Material provided:
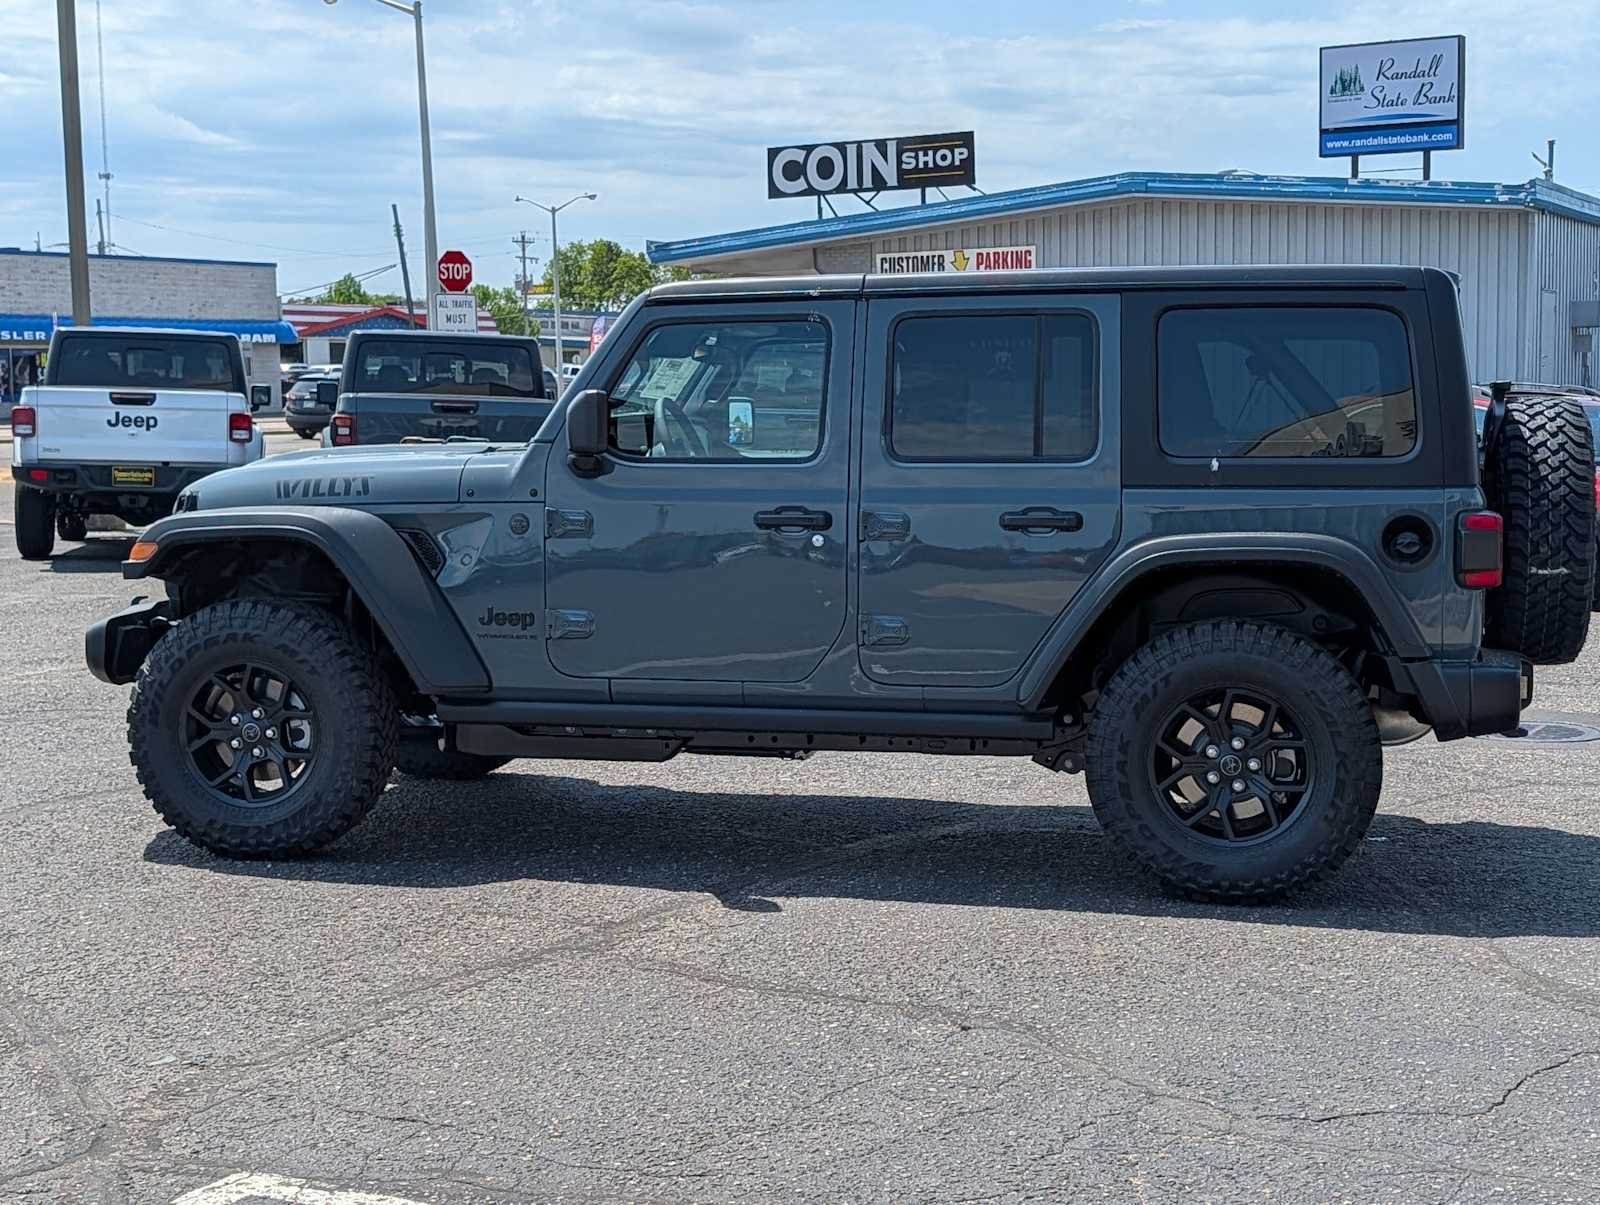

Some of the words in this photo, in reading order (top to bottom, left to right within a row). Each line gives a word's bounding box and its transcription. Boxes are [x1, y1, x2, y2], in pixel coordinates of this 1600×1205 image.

[1376, 54, 1444, 81] Randall
[1364, 86, 1407, 109] State
[1413, 82, 1455, 106] Bank
[1326, 132, 1453, 149] www.randallstatebank.com
[772, 140, 899, 194] COIN
[901, 147, 969, 170] SHOP
[439, 263, 471, 280] STOP
[880, 254, 946, 274] CUSTOMER
[976, 250, 1033, 271] PARKING
[438, 299, 448, 309] ALL
[452, 299, 473, 309] TRAFFIC
[446, 314, 467, 324] MUST
[240, 333, 277, 344] RAM
[107, 411, 158, 432] Jeep
[276, 476, 376, 499] WILLYS
[478, 607, 535, 631] Jeep
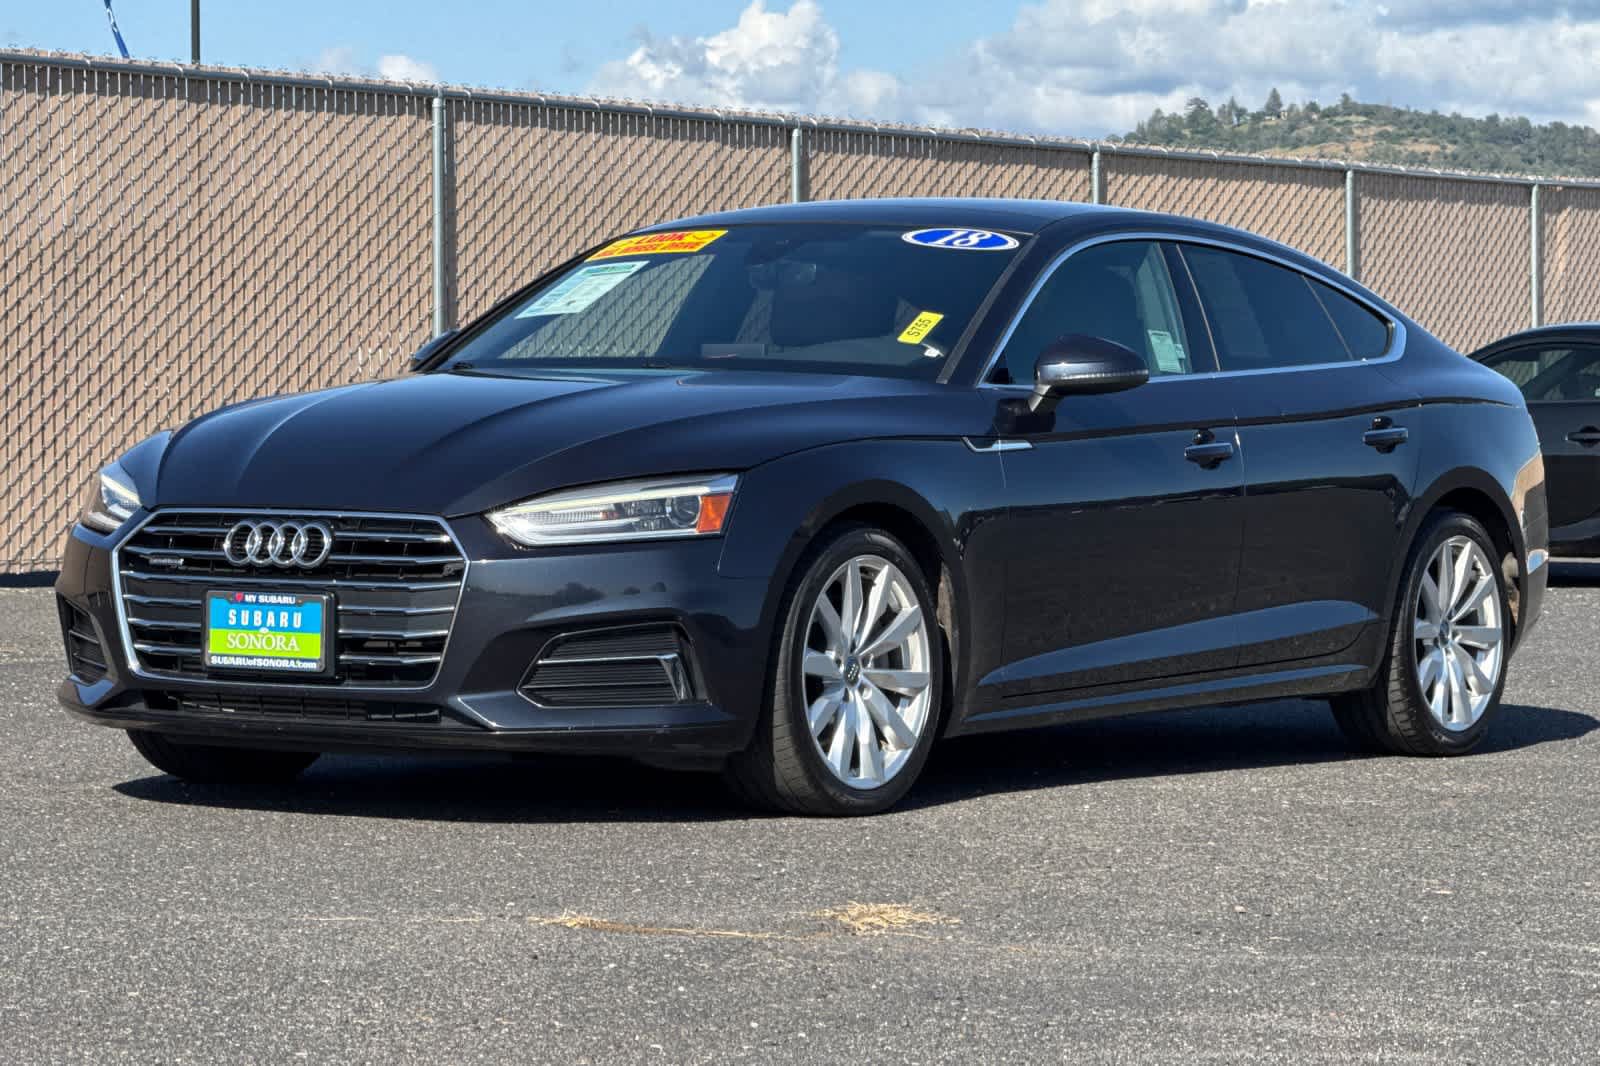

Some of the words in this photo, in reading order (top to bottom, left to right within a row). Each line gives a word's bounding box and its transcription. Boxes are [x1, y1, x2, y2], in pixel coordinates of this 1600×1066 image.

Exercise description:
Output the data above verbatim, pictures excluded.

Answer below:
Some of the words in this photo, in reading order (top to bottom, left to right within a row). Each line gives a word's bounding box and its transcription. Boxes are [x1, y1, x2, y2], in pixel coordinates of this 1600×1205 image.

[1376, 54, 1444, 81] Randall
[1364, 86, 1407, 109] State
[1413, 82, 1455, 106] Bank
[1326, 132, 1453, 149] www.randallstatebank.com
[772, 140, 899, 194] COIN
[901, 147, 969, 170] SHOP
[439, 263, 471, 280] STOP
[880, 254, 946, 274] CUSTOMER
[976, 250, 1033, 271] PARKING
[438, 299, 448, 309] ALL
[452, 299, 473, 309] TRAFFIC
[446, 314, 467, 324] MUST
[240, 333, 277, 344] RAM
[107, 411, 158, 432] Jeep
[276, 476, 376, 499] WILLYS
[478, 607, 535, 631] Jeep

Some of the words in this photo, in reading order (top to bottom, left to right within a row). Each line gives a word's bounding box and its transcription. Boxes are [x1, y1, x2, y2], in pixel coordinates of this 1600×1066 image.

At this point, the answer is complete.